> _What you have to do_
All the lines below need to be transcribed exactly. Pictures get left out.
*** Opening of Given entries ***
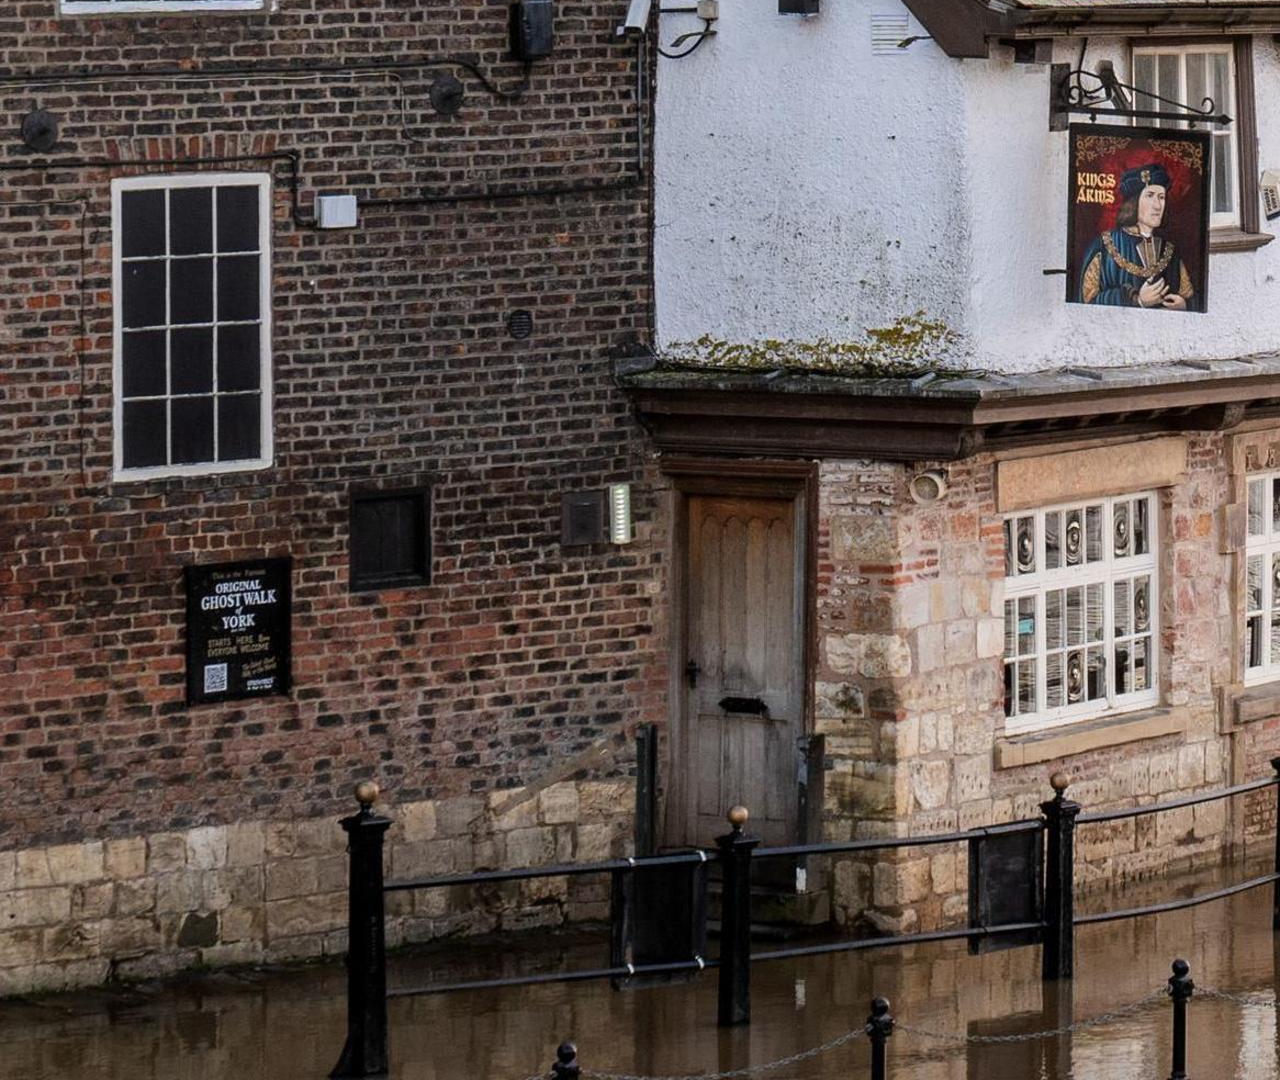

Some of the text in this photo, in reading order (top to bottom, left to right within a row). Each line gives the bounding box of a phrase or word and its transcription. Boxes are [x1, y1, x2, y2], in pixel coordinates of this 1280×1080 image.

[1077, 172, 1116, 187] KINGS
[1077, 189, 1115, 204] ARMS
[215, 579, 262, 594] ORIGINAL
[201, 589, 277, 610] GHOST WALK
[235, 606, 243, 615] of
[222, 614, 256, 630] YORK
[207, 638, 231, 649] STARTS
[236, 635, 253, 646] HERE
[207, 643, 270, 658] EVERYONE WELCOME
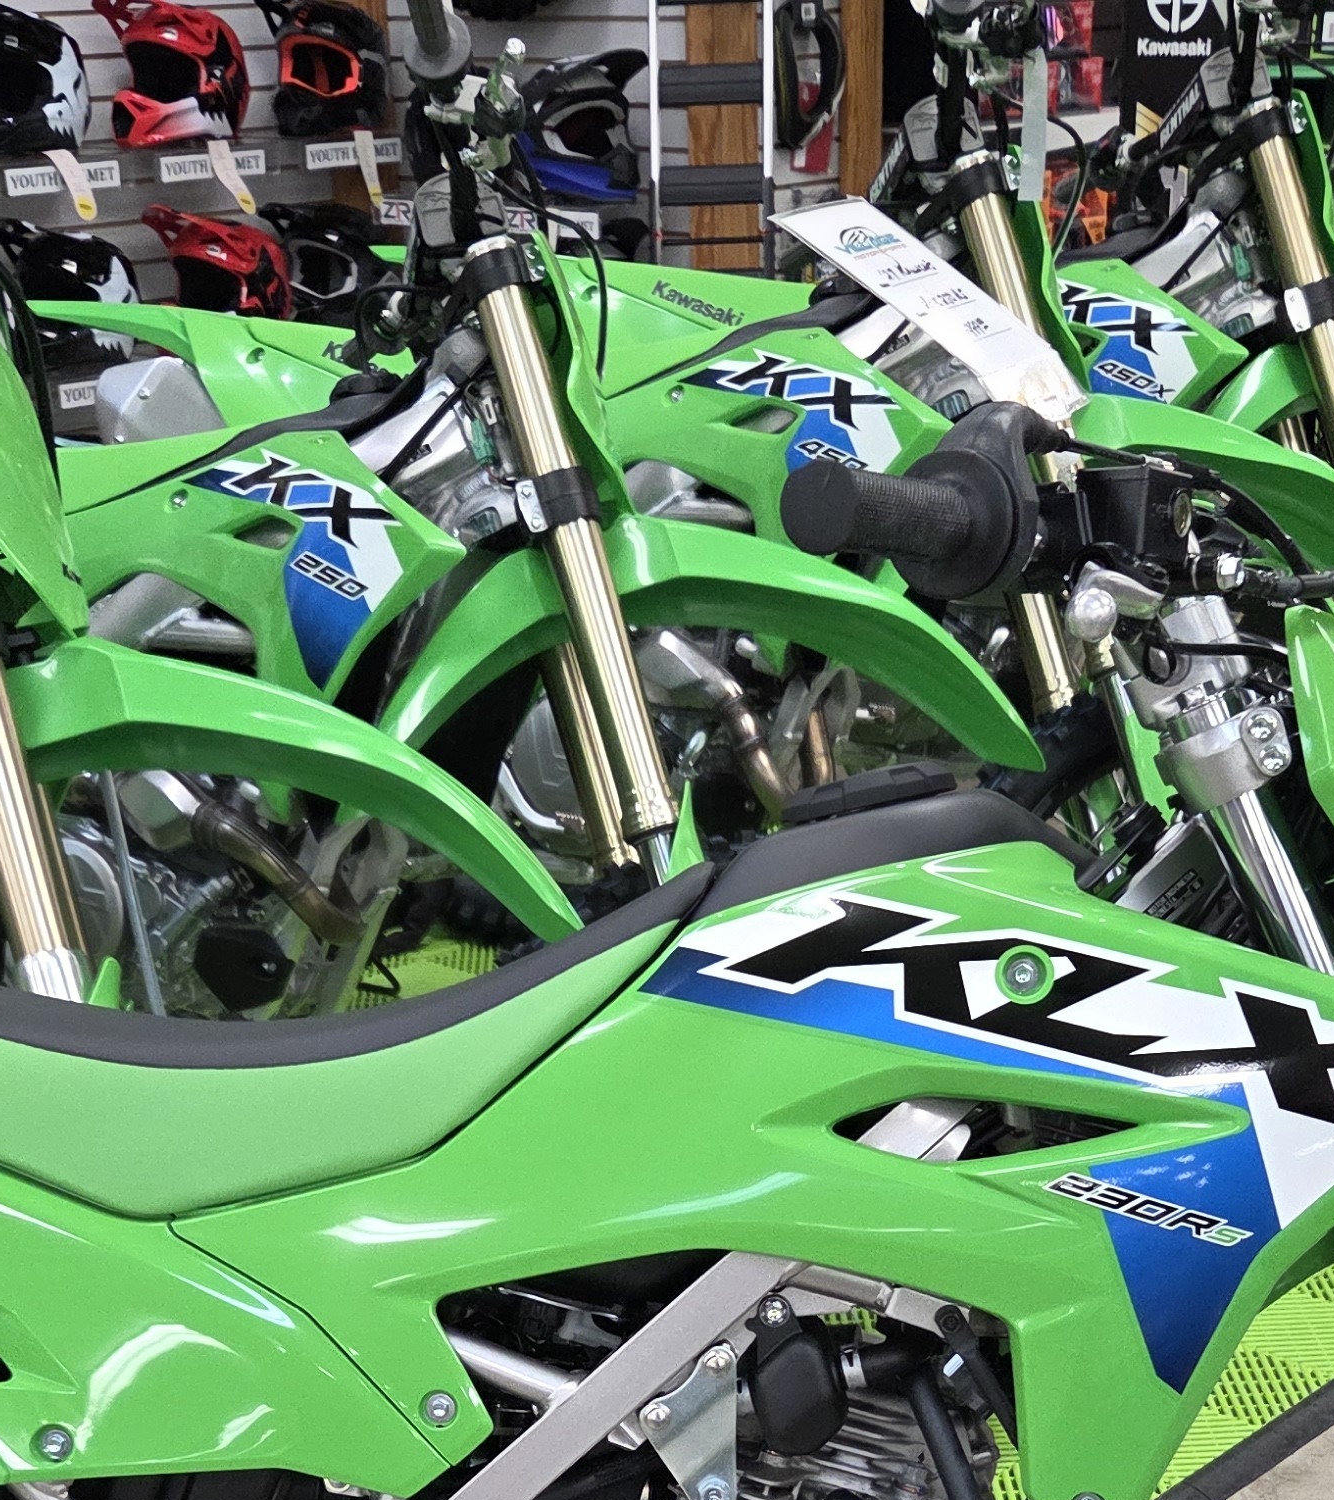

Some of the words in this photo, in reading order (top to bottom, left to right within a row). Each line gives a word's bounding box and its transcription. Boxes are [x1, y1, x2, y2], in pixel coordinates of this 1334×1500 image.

[1136, 37, 1213, 57] Kawasaki
[165, 159, 209, 176] YOUTH
[310, 145, 350, 163] YOUTH
[10, 170, 58, 189] YOUTH
[651, 279, 746, 327] Kawasaki
[1061, 284, 1194, 355] KX
[63, 385, 93, 403] YOU
[724, 354, 899, 431] KX
[1095, 360, 1177, 398] 450X
[229, 456, 398, 549] KX
[291, 553, 369, 599] 250
*** Close of Given entries ***
> _Result for this exercise_
Some of the text in this photo, in reading order (top to bottom, left to right within a row). Each line gives the bounding box of a phrase or word and its transcription. Boxes are [x1, y1, x2, y2], in pixel coordinates of this 1280×1080 image.

[1077, 172, 1116, 187] KINGS
[1077, 189, 1115, 204] ARMS
[215, 579, 262, 594] ORIGINAL
[201, 589, 277, 610] GHOST WALK
[235, 606, 243, 615] of
[222, 614, 256, 630] YORK
[207, 638, 231, 649] STARTS
[236, 635, 253, 646] HERE
[207, 643, 270, 658] EVERYONE WELCOME

Some of the words in this photo, in reading order (top to bottom, left to right within a row). Each line gives a word's bounding box and its transcription. Boxes are [x1, y1, x2, y2], in pixel coordinates of this 1334×1500 image.

[1136, 37, 1213, 57] Kawasaki
[165, 159, 209, 176] YOUTH
[310, 145, 350, 163] YOUTH
[10, 170, 58, 189] YOUTH
[651, 279, 746, 327] Kawasaki
[1061, 284, 1194, 355] KX
[63, 385, 93, 403] YOU
[724, 354, 899, 431] KX
[1095, 360, 1177, 398] 450X
[229, 456, 398, 549] KX
[291, 553, 369, 599] 250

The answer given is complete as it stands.